Patients in hospice care live longer than patients with similar conditions who are not in hospice care, according to a September 2004 study in the Journal of Pain and Symptom Management. Researchers studied 8,700 Medicare patients with 16 different terminal conditions and compared those who went to hospice care with those who did not. Researchers compared the patients' longevity and found that for all conditions, patients in hospice lived longer by days to months.
And for most conditions, the study found, the cost of care was lower for patients in hospice. Those with congestive heart failure, one of Dennis's health problems, lived nearly two months longer in hospice care, and the cost of their care was less by almost $9,000.
That kind of cost savings will be increasingly important as the the baby boom generation gets older and sicker. Though healthcare costs overall average $7,365 a year for Americans, the costs during the last year of life for those 65 and older skyrocket to $37,581, according to a study of Medicare spending in the December 2002 issue of the journal Health Services Research. The cost of the last year of life for all Americans, the study found, accounts for 22% of the nation's annual healthcare bill.

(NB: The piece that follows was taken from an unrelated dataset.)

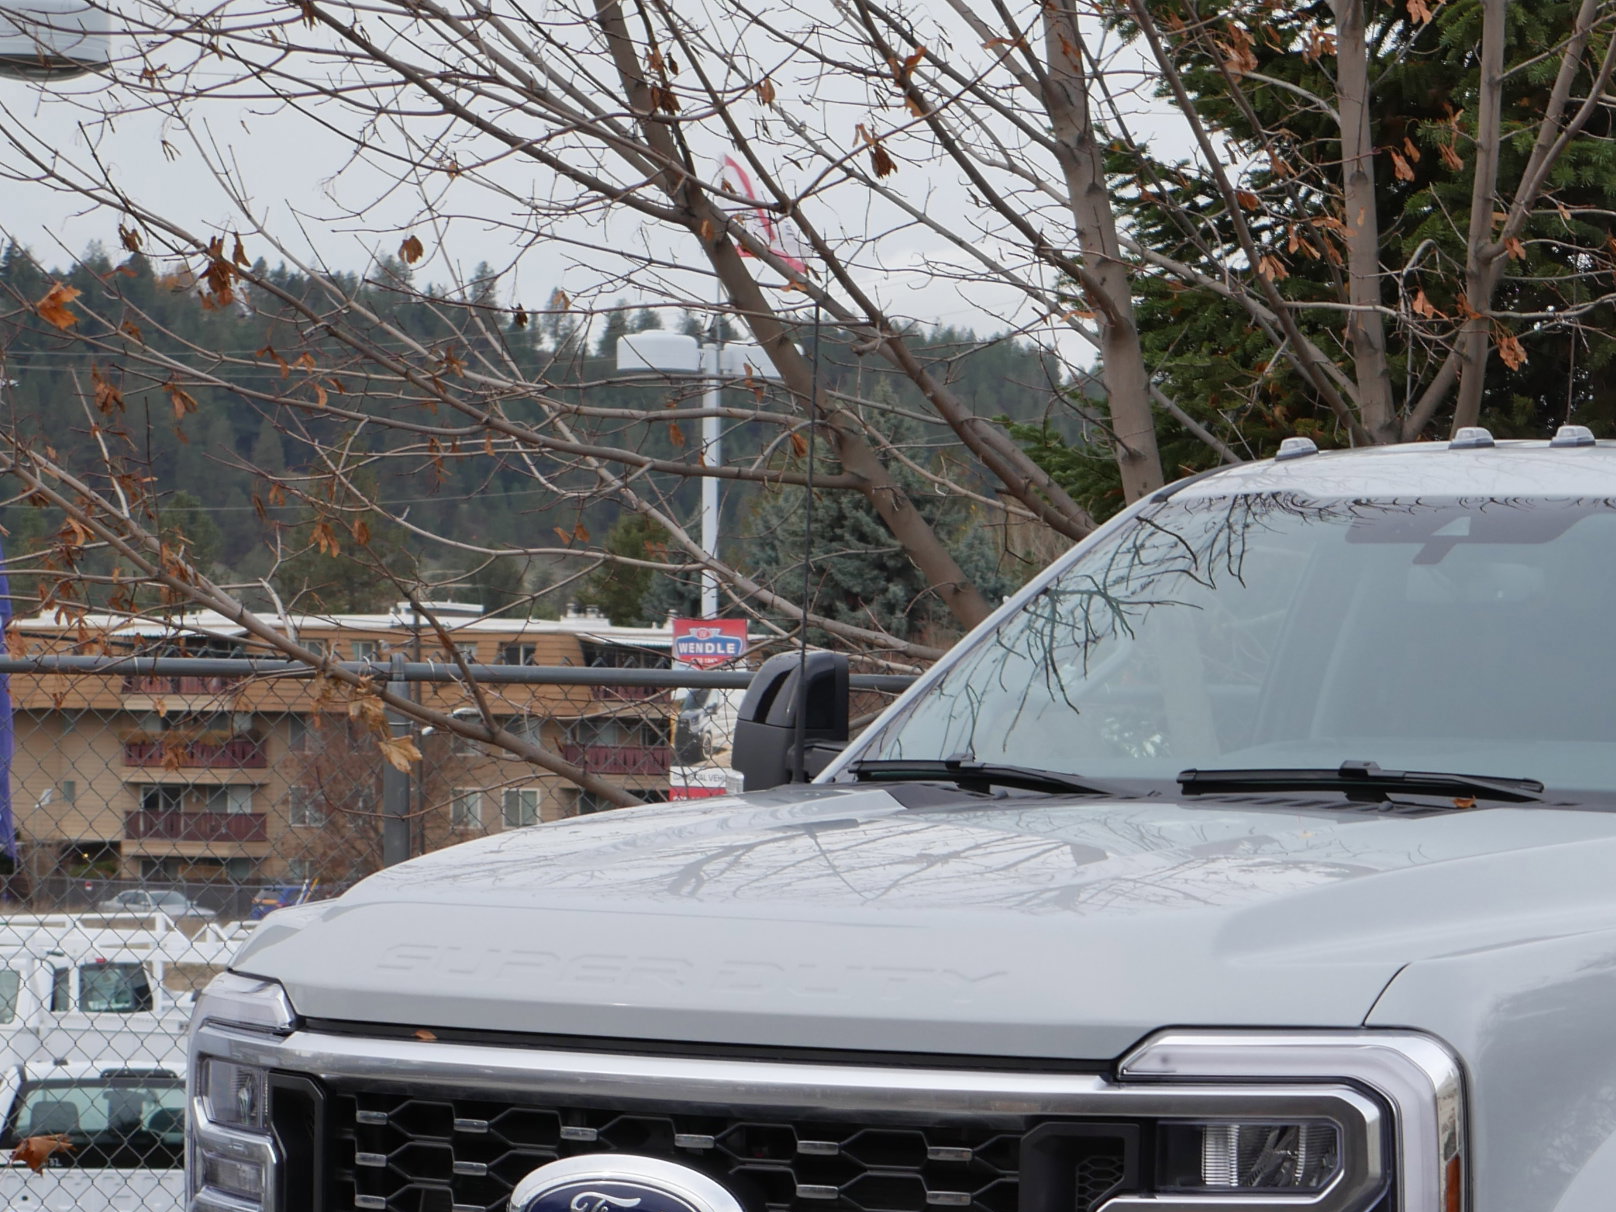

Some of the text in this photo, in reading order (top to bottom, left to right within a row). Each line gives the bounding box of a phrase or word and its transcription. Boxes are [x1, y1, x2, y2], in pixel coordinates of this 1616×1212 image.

Getting a little more time for a little less money was not what drove Dennis's decision. And though she wanted no more aggressive medical intervention, she did want care— psychological, spiritual and medical—for such things as pain and symptom management.
"I'm living in my own home, by myself. I could not be doing this without hospice," she says. "My fears are minimal, but when I'm not doing well, there's someone I can call. A nurse visits me weekly, more if I need it. The chaplain comes once a week because we enjoy talking to each other. A woman comes three times a week to help me shower. And a social worker is available for anything I need."
She has used her bonus years to spend time with her children and grandchildren and to paint, read and write. As an octogenarian, she has fearlessly plunged into learning what computers can do, setting up a website and blog. "I'm free," she says. "I eat when I want to eat. I'm adept at the Internet, so I can look up whatever I want to learn."
Like Art Buchwald, she is showing that there can be a quality-of-life advantage to giving up medical treatment when medicine's promises diminish and fade. J. Donald Schumacher, president of the National Hospice and Palliative Care Organization, visited Buchwald during the writer's last year, witnessing one of the magical moments Buchwald loved so much. "When I walked in, Lauren Bacall was on the phone," Schumacher says. "She was calling from London."